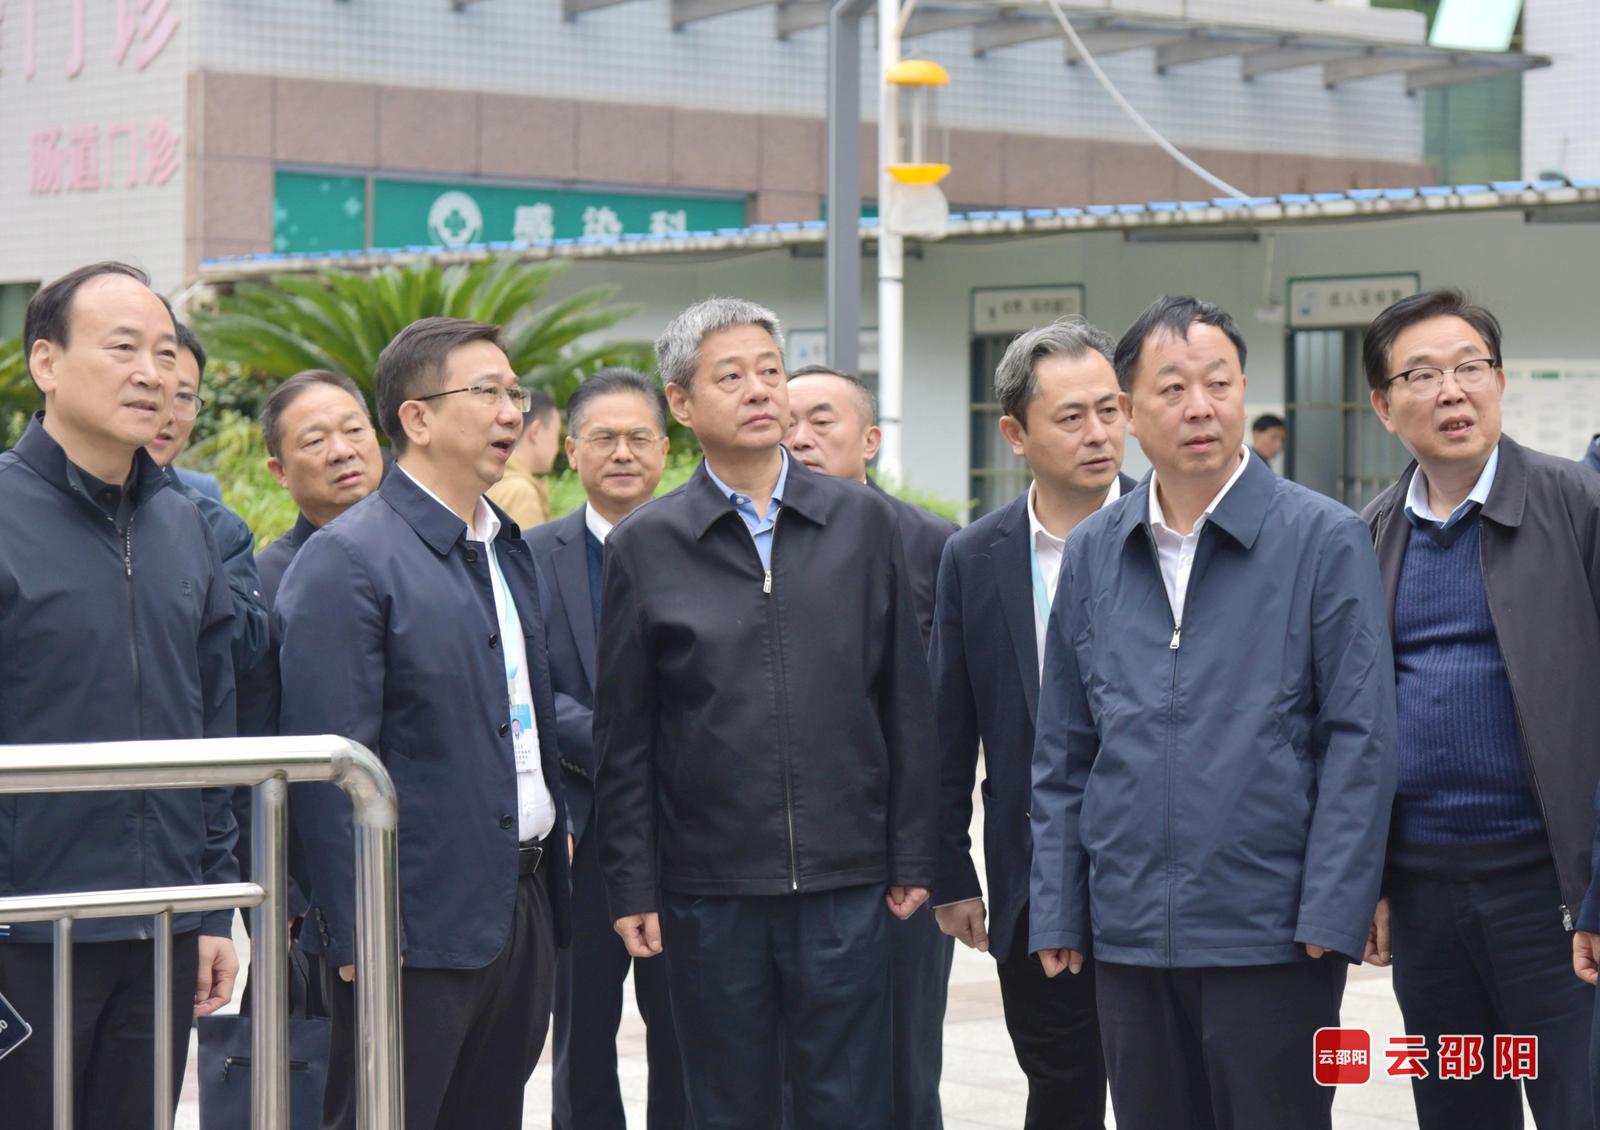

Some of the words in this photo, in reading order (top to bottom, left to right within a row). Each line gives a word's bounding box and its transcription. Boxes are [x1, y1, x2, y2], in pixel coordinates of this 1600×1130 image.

[30, 115, 181, 194] 肠道门诊
[512, 202, 687, 242] 感染科
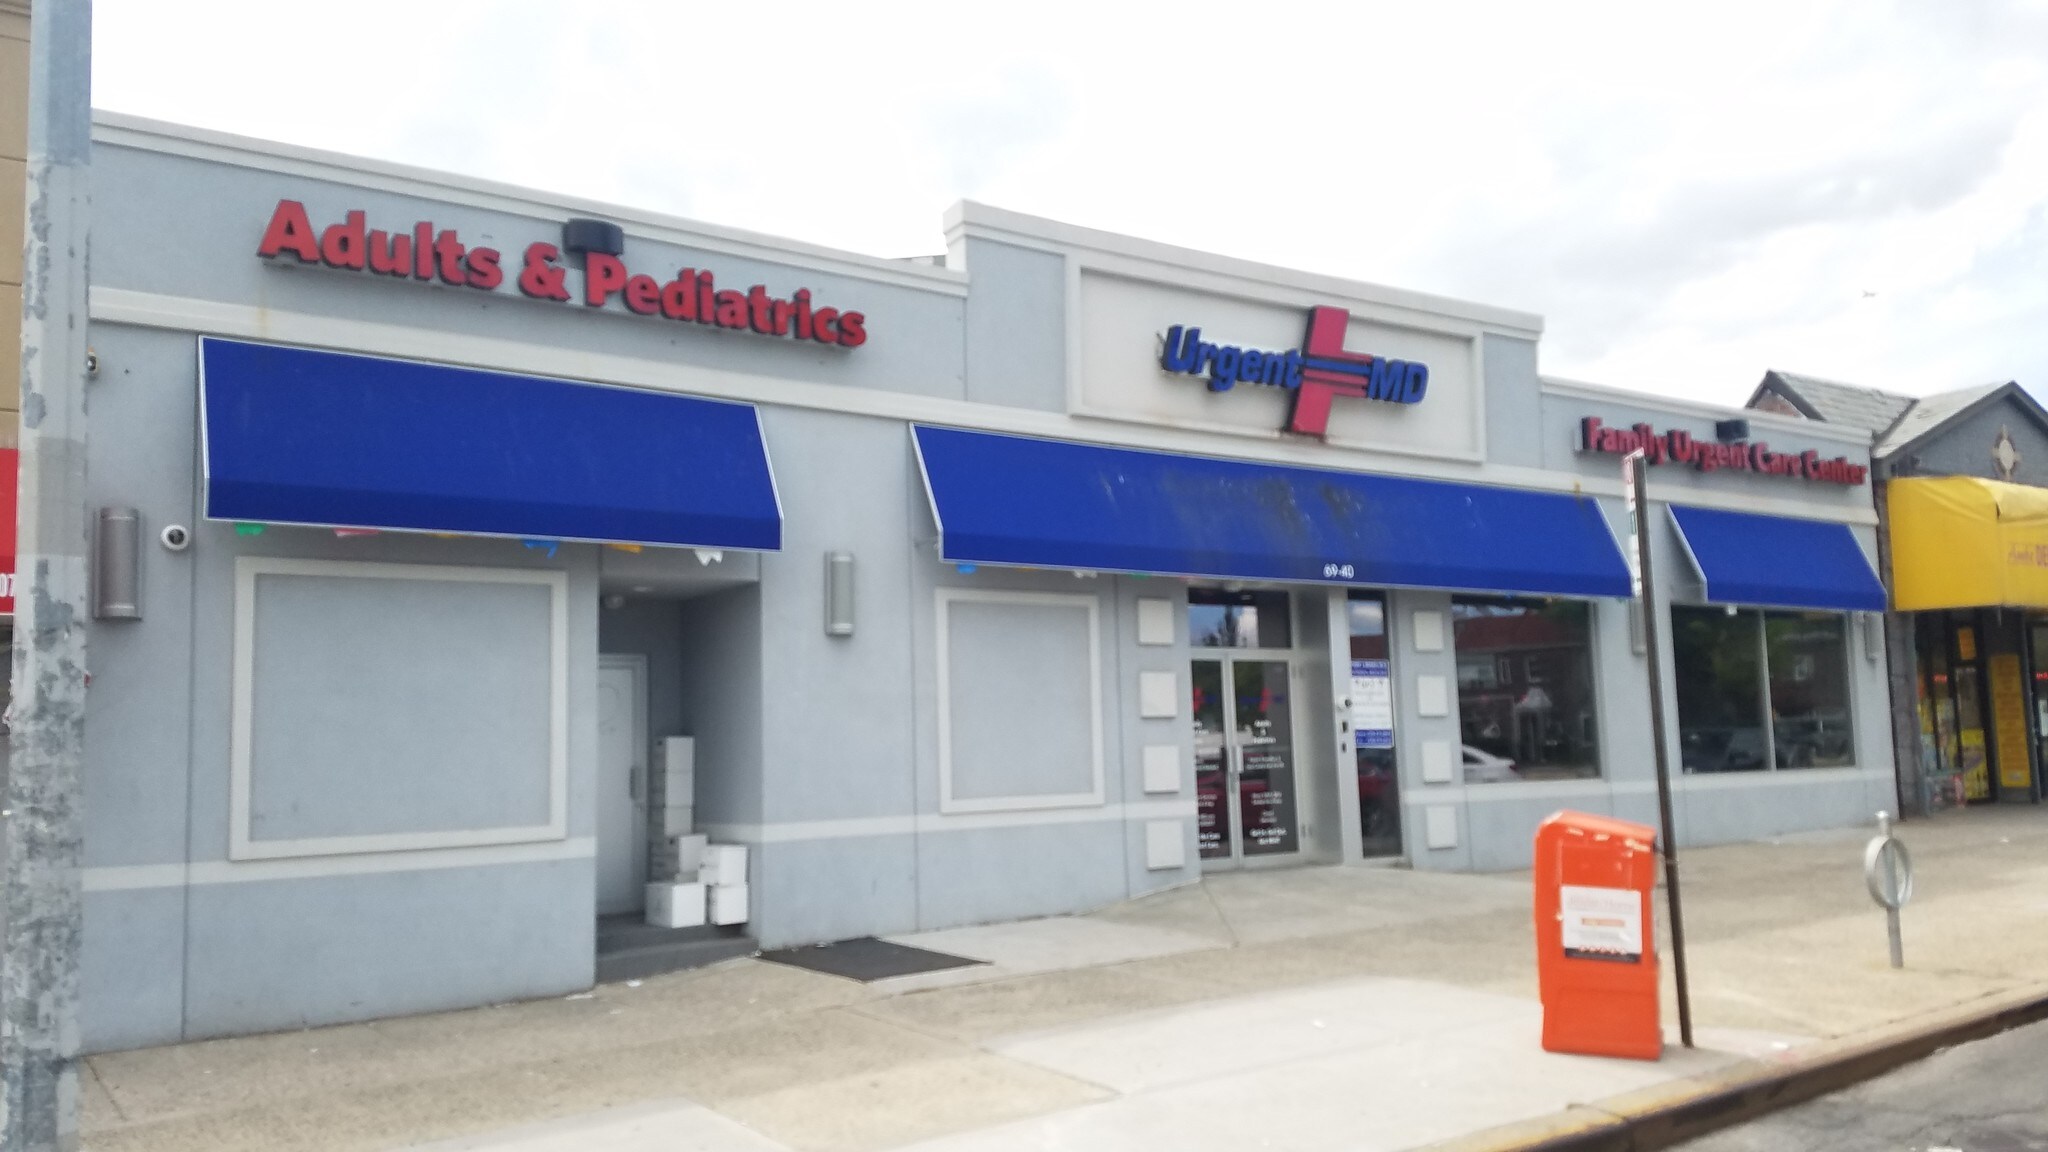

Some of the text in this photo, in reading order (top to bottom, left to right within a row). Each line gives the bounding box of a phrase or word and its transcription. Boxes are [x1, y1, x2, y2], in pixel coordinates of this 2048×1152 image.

[257, 198, 867, 347] Adults & Pediatrics
[1163, 323, 1430, 405] Urgent MD
[1582, 416, 1668, 466] Family
[1668, 429, 1751, 472] Urgent
[1750, 442, 1801, 477] Care
[1801, 449, 1868, 486] Center
[1323, 563, 1355, 579] 69-40
★ ★ ★ ★
* Your task: Keep to the lines from the one containing "Some of the text" to the end of the entries above, and retype them exactly.

* Answer to this exercise:
Some of the text in this photo, in reading order (top to bottom, left to right within a row). Each line gives the bounding box of a phrase or word and its transcription. Boxes are [x1, y1, x2, y2], in pixel coordinates of this 2048×1152 image.

[257, 198, 867, 347] Adults & Pediatrics
[1163, 323, 1430, 405] Urgent MD
[1582, 416, 1668, 466] Family
[1668, 429, 1751, 472] Urgent
[1750, 442, 1801, 477] Care
[1801, 449, 1868, 486] Center
[1323, 563, 1355, 579] 69-40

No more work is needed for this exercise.